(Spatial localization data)
____________________
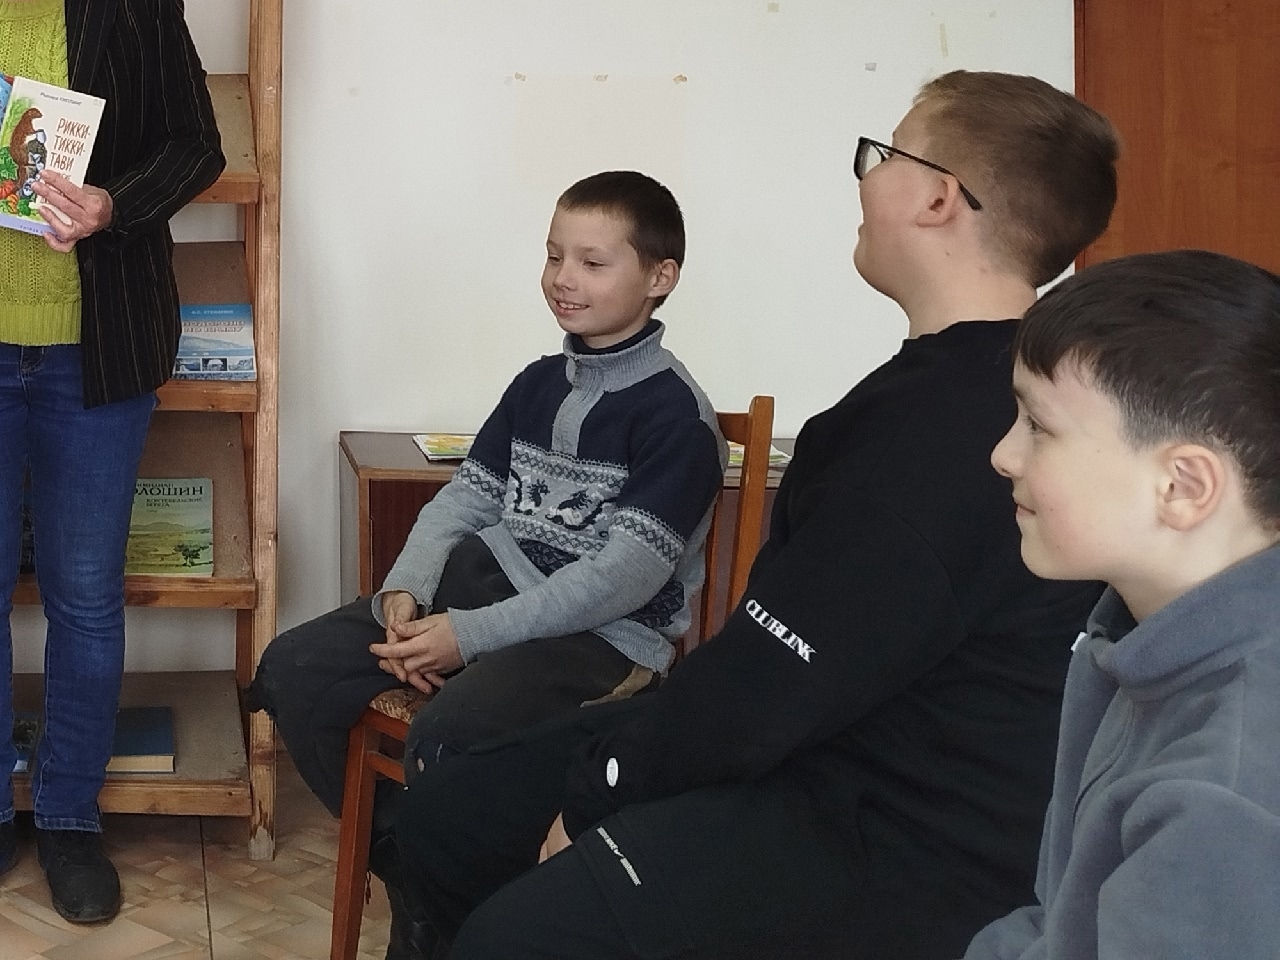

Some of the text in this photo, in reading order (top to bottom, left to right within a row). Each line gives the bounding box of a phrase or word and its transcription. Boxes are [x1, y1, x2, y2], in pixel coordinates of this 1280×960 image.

[56, 118, 91, 139] РИККИ-
[53, 135, 87, 156] ТИККИ-
[49, 152, 75, 172] ТАВИ
[135, 486, 204, 496] ЛОШИН
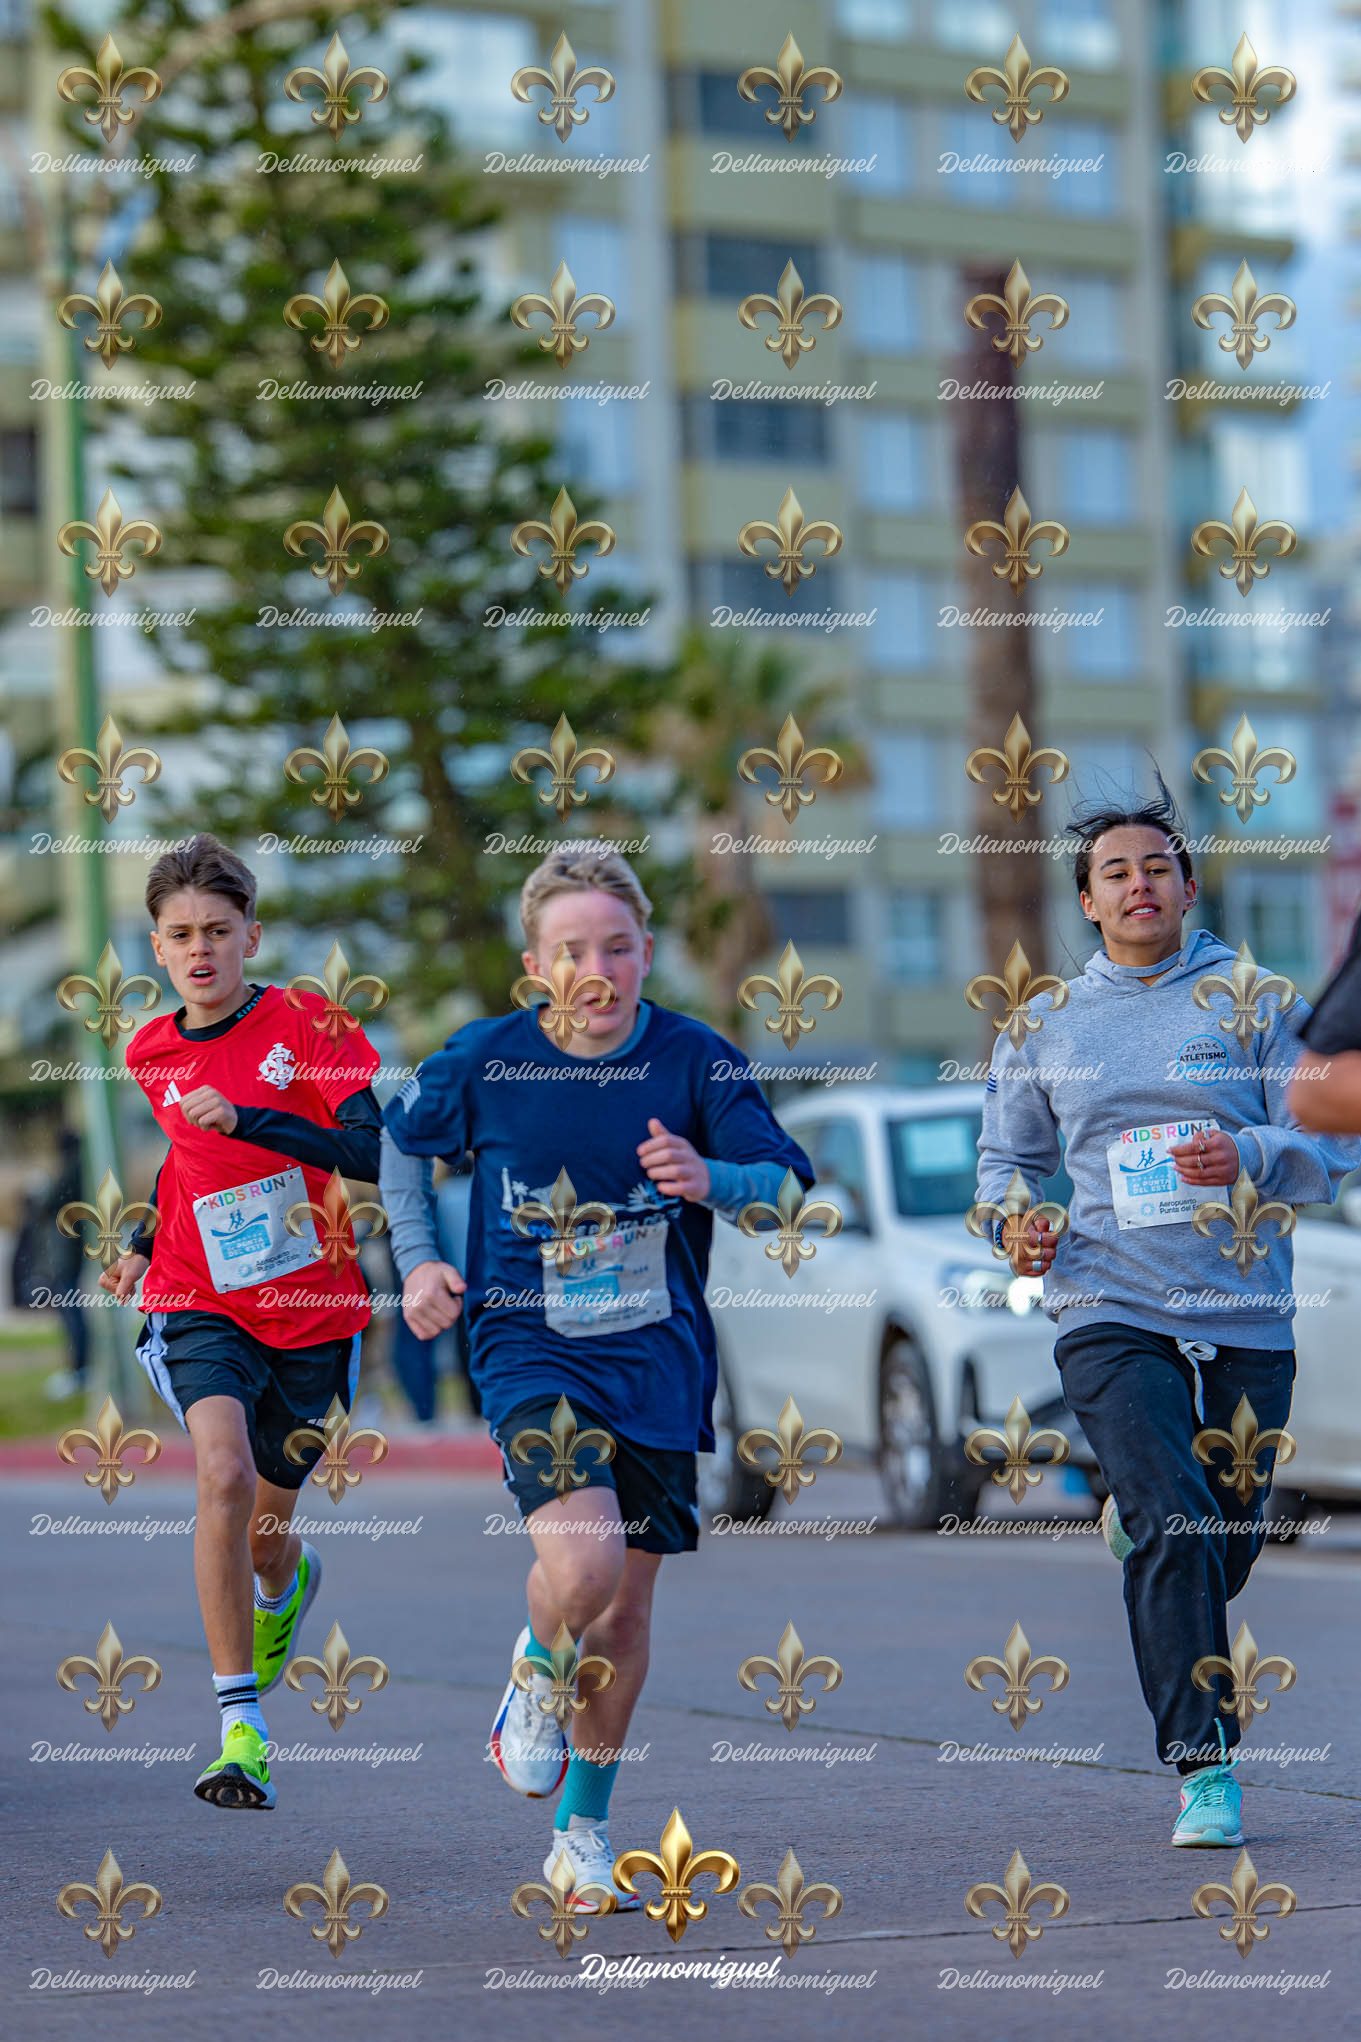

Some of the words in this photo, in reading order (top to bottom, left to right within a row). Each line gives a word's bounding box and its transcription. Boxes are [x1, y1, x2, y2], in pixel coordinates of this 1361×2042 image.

[1180, 1051, 1227, 1062] ATLETISMO
[1122, 1127, 1162, 1144] KIDS
[1166, 1122, 1203, 1139] RUN
[207, 1188, 247, 1210] KIDS
[249, 1176, 287, 1198] RUN
[1159, 1198, 1197, 1208] Aeropuerto
[1159, 1206, 1179, 1215] Punta
[612, 1228, 647, 1248] RUN
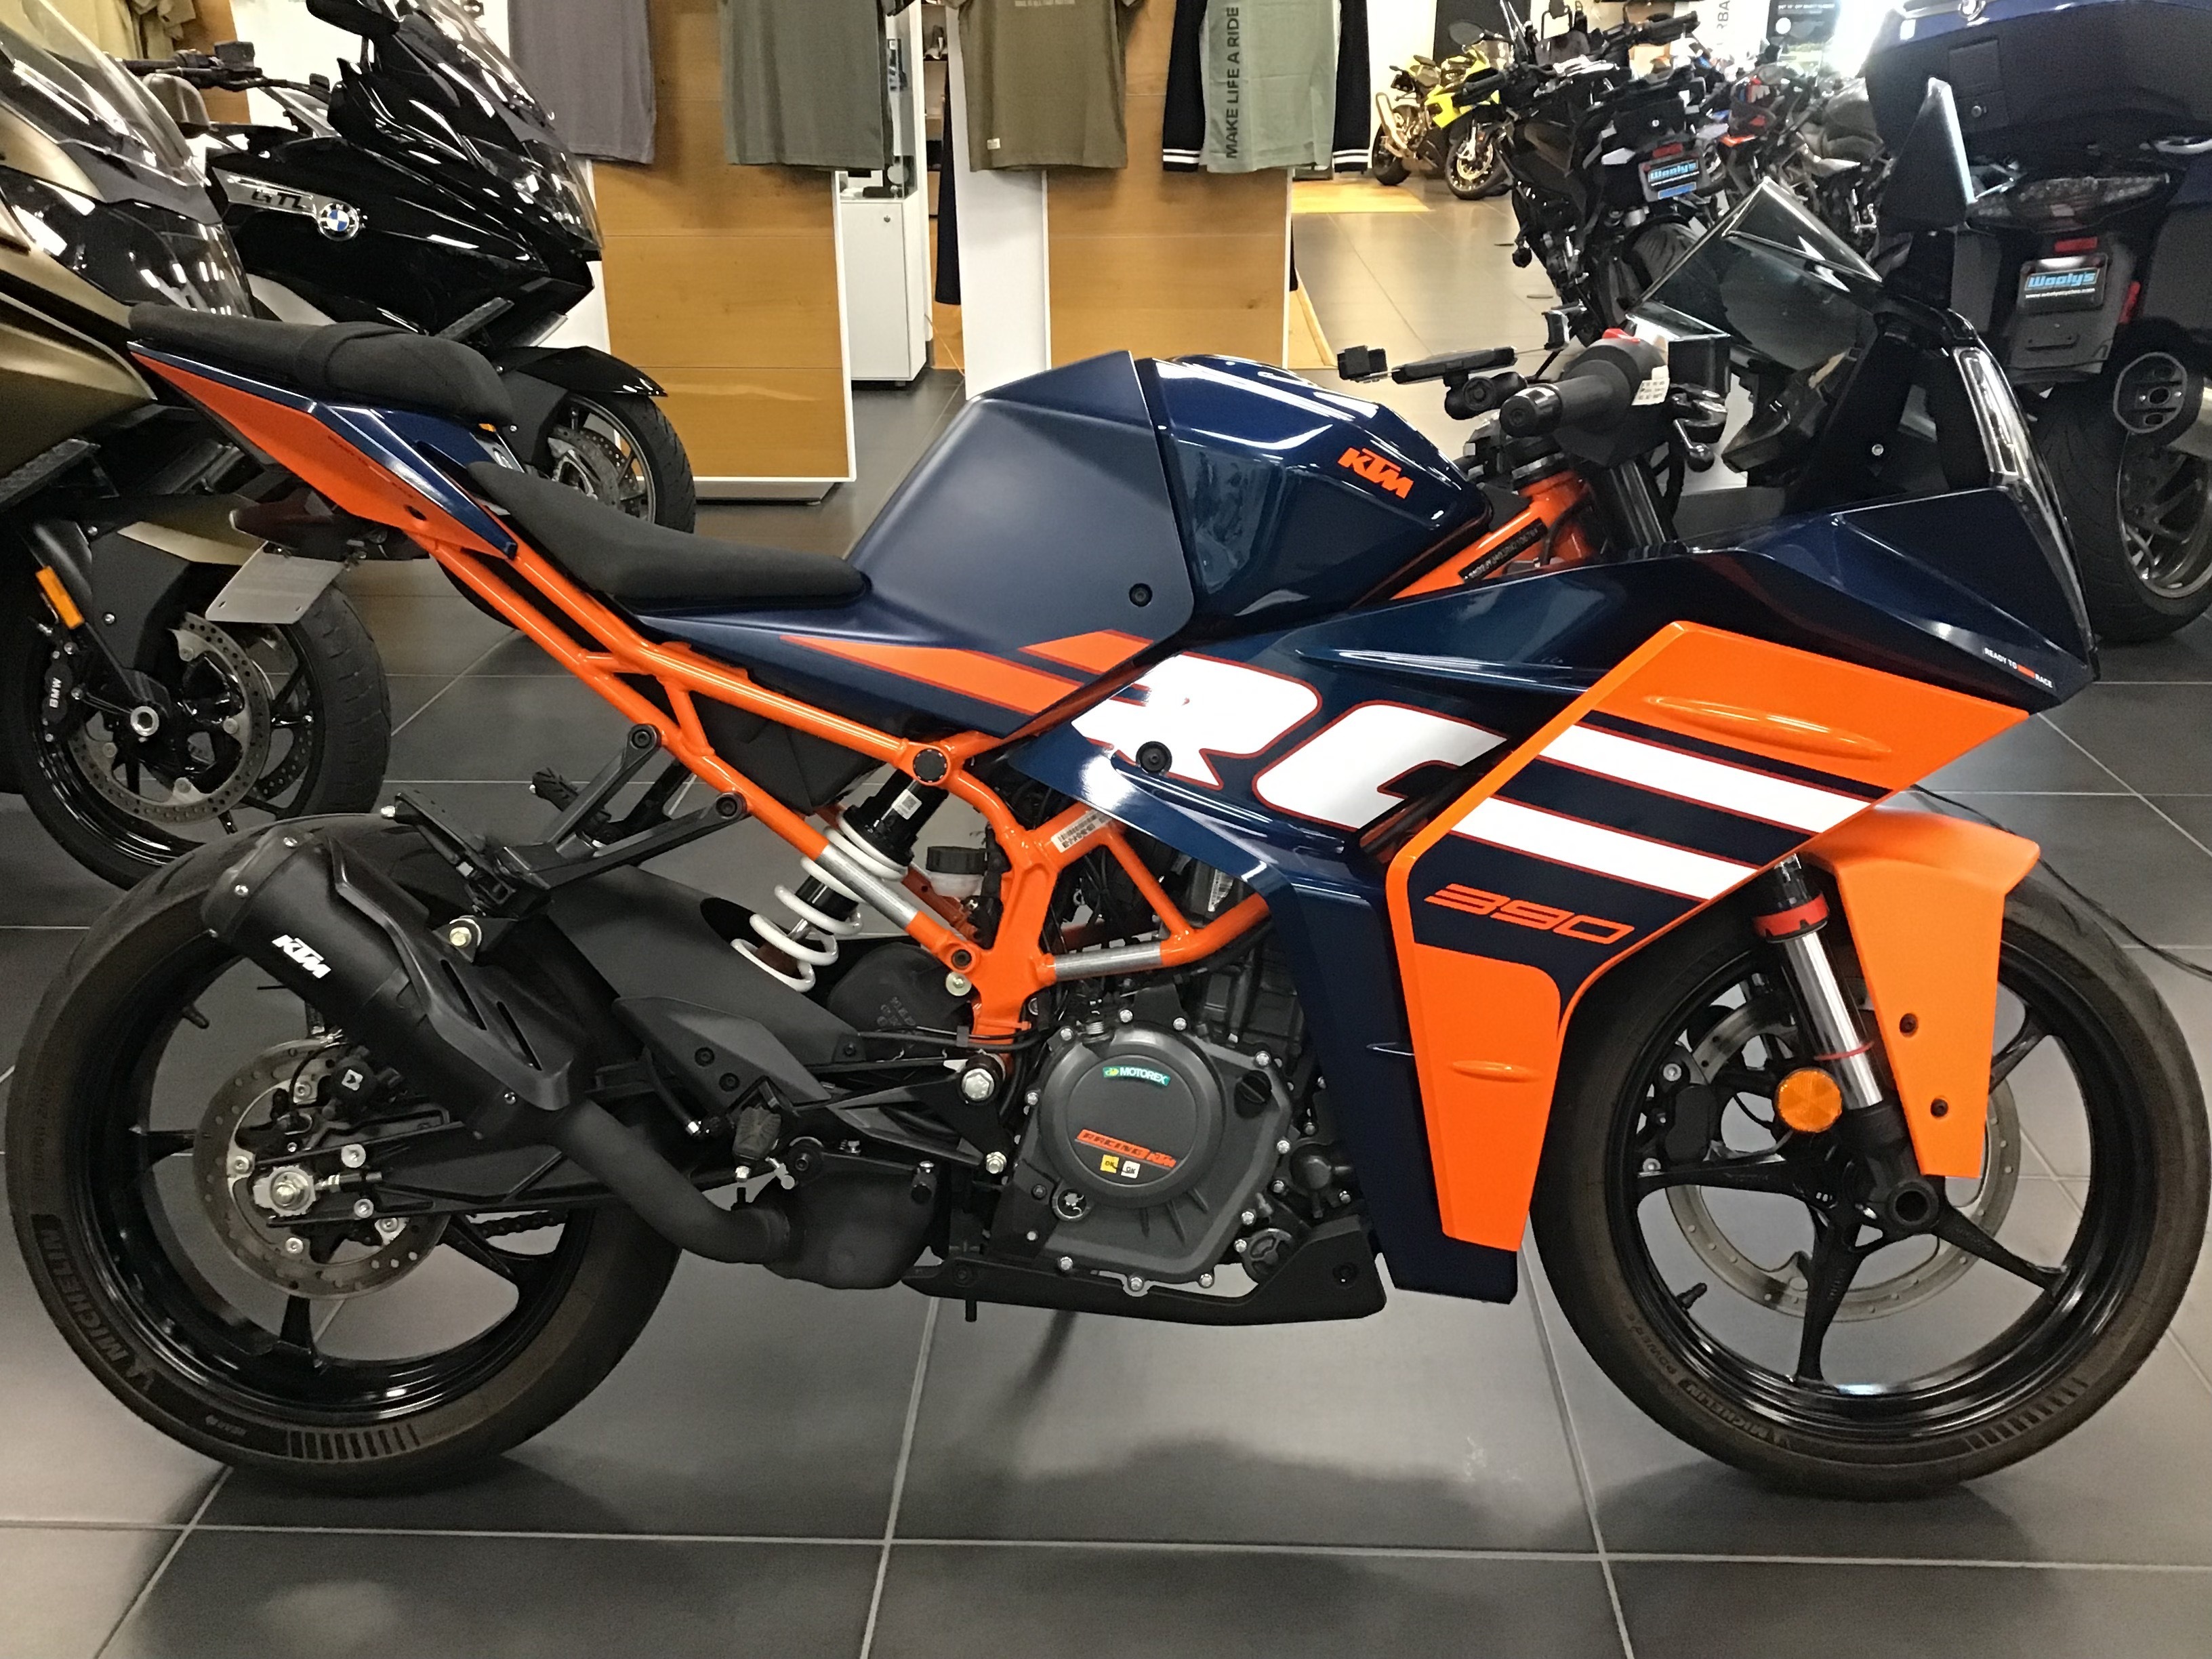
____________________
[EXERCISE DIRECTIONS]: In the copy, keep every line of the data above exactly and drop each picture.

[TASK ANSWER]:
Some of the text in this photo, in reading order (top to bottom, left to right within a row). Each line gives the bounding box of a phrase or word and its transcription. Boxes are [x1, y1, x2, y2], in pixel coordinates of this 1280×960 image.

[56, 118, 91, 139] РИККИ-
[53, 135, 87, 156] ТИККИ-
[49, 152, 75, 172] ТАВИ
[135, 486, 204, 496] ЛОШИН

Some of the words in this photo, in reading order (top to bottom, left to right within a row). Each line gives a word's bounding box and its transcription. Boxes are [x1, y1, x2, y2], in pixel coordinates of this 1361×2042 image.

[1180, 1051, 1227, 1062] ATLETISMO
[1122, 1127, 1162, 1144] KIDS
[1166, 1122, 1203, 1139] RUN
[207, 1188, 247, 1210] KIDS
[249, 1176, 287, 1198] RUN
[1159, 1198, 1197, 1208] Aeropuerto
[1159, 1206, 1179, 1215] Punta
[612, 1228, 647, 1248] RUN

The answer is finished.